Bastidores – Giba Assis Brasil e equipe. Crédito: Isidoro B. Guggiana.

Do distanciamento social à diversidade de gênero: a série “O Cinema e As Cidades” revisita quatro décadas de Porto Alegre, por meio de 20 produções locais, entre curta e longas-metragens e documentários. Dirigido por Eduardo Wannmacher e produzido por Frederico Mendina, o seriado vai ao ar por meio de quatro episódios semanais, exibidos nas sextas-feiras, às 21h30, a partir de 4 de junho, em rede nacional no canal de TV por assinatura Prime Box Brazil.

Crédito: Leo Lage.

A geração oitentista inicia a produção de um novo cinema urbano em Porto Alegre, com a descoberta do super-8 no formato de ficção. Esse movimento é revisitado no episódio introdutório da série, por meio do depoimento de Carlos Gerbase, diretor de “Inverno” (1983). O distanciamento social por muros e grades é retratado no segundo episódio, com uma análise do curta “Ângelo Anda Sumido” (1997), de Jorge Furtado.

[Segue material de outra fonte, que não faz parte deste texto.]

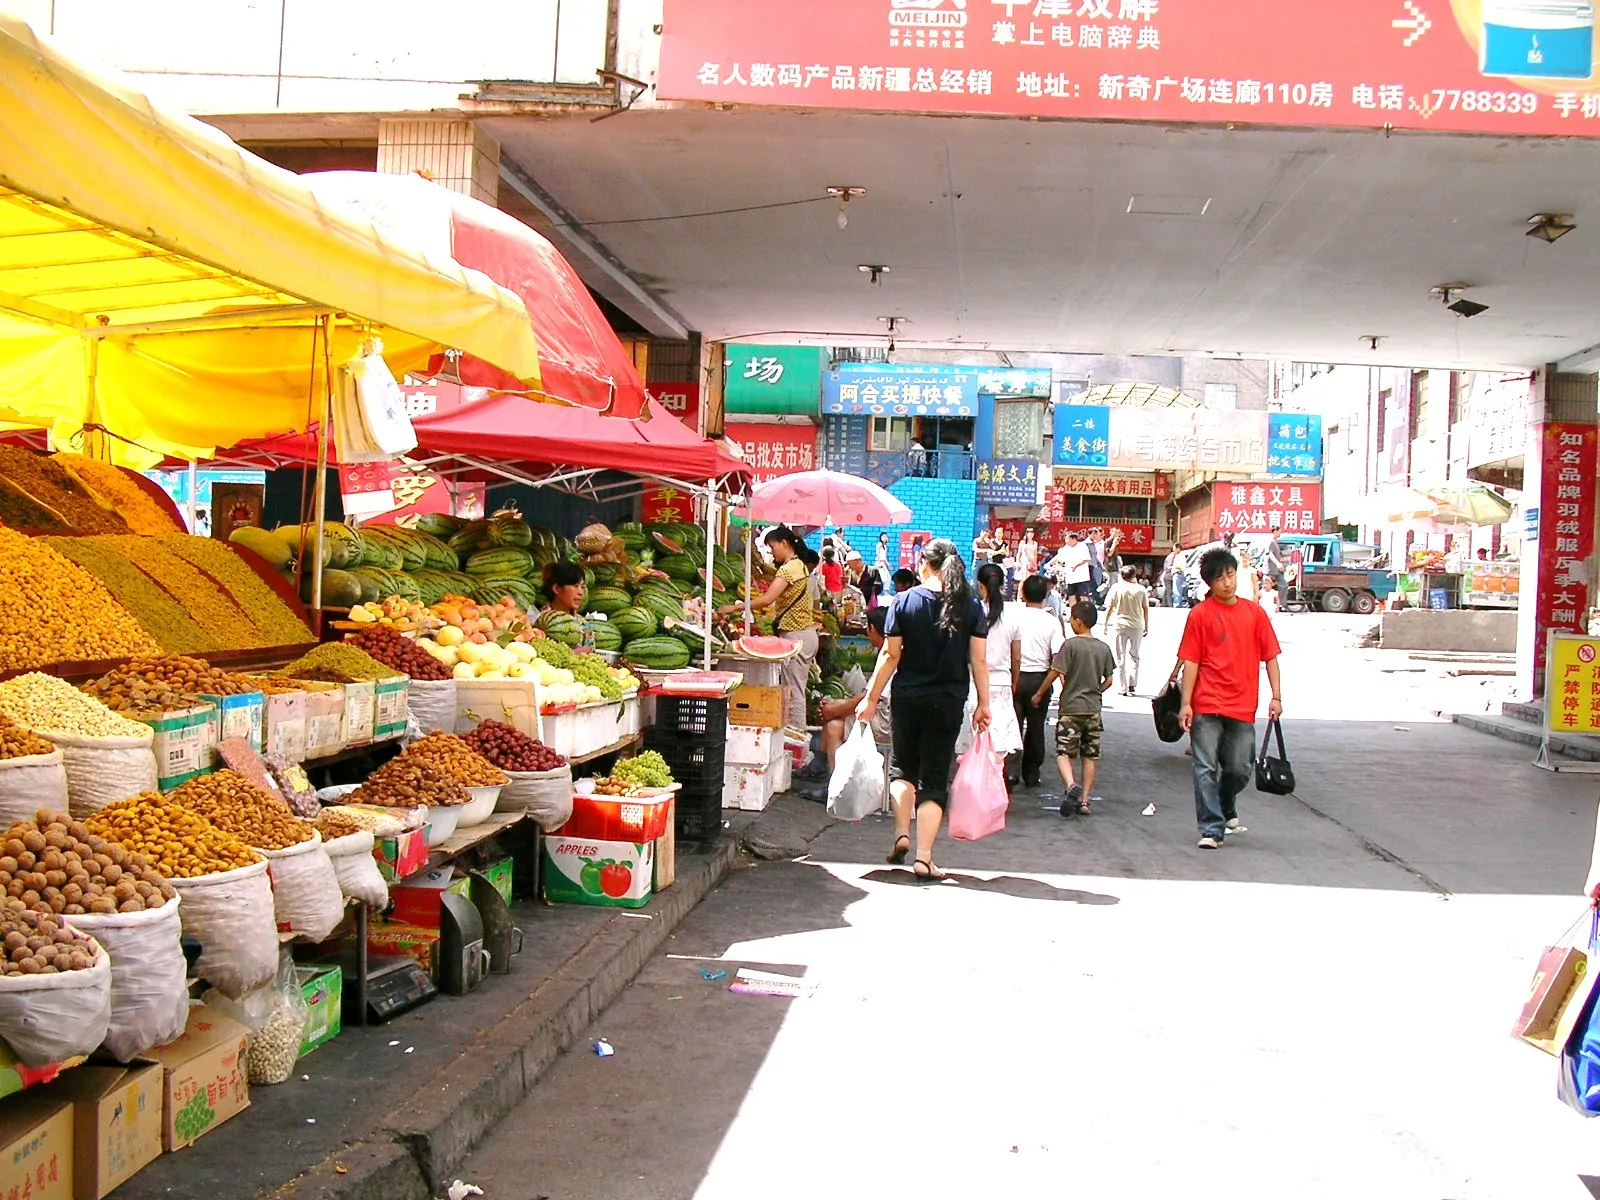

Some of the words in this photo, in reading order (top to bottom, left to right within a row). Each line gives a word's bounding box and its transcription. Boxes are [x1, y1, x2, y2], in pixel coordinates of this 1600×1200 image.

O cinema fantástico, com criaturas e lendas mágicas, chega ao terceiro episódio, com a animação “Reino Azul” (1989), de Otto Guerra. Ao longo do tempo, temas ligados ao cinema de gênero, como ficção-científica e terror, sempre estiveram presentes nas produções gaúchas, revelando um lado mais sombrio da capital. “Sob Águas Claras e Inocentes” (2016), de Emiliano Cunha, também integra o roteiro do seriado.

O último episódio explora temas urgentes, como a diversidade de gênero, o racismo, a ocupação de lugares públicos e as manifestações sociais. Esses temas são revisitados pelo documentário “O Caso do Homem Errado” (2017), de Camila de Moraes, entre outros títulos. Produzida pela Pironauta e coproduzida pela Firma Filmes, a série é estruturada em imagens originais das obras analisadas e depoimentos dos respectivos realizadores. A série tem financiamento do Edital Pró-cultura RS FAC de Produção Audiovisual, realizado pelo Governo do Estado do Rio Grande do Sul/SEDAC, em parceria com a Ancine, através do Fundo Setorial do Audiovisual.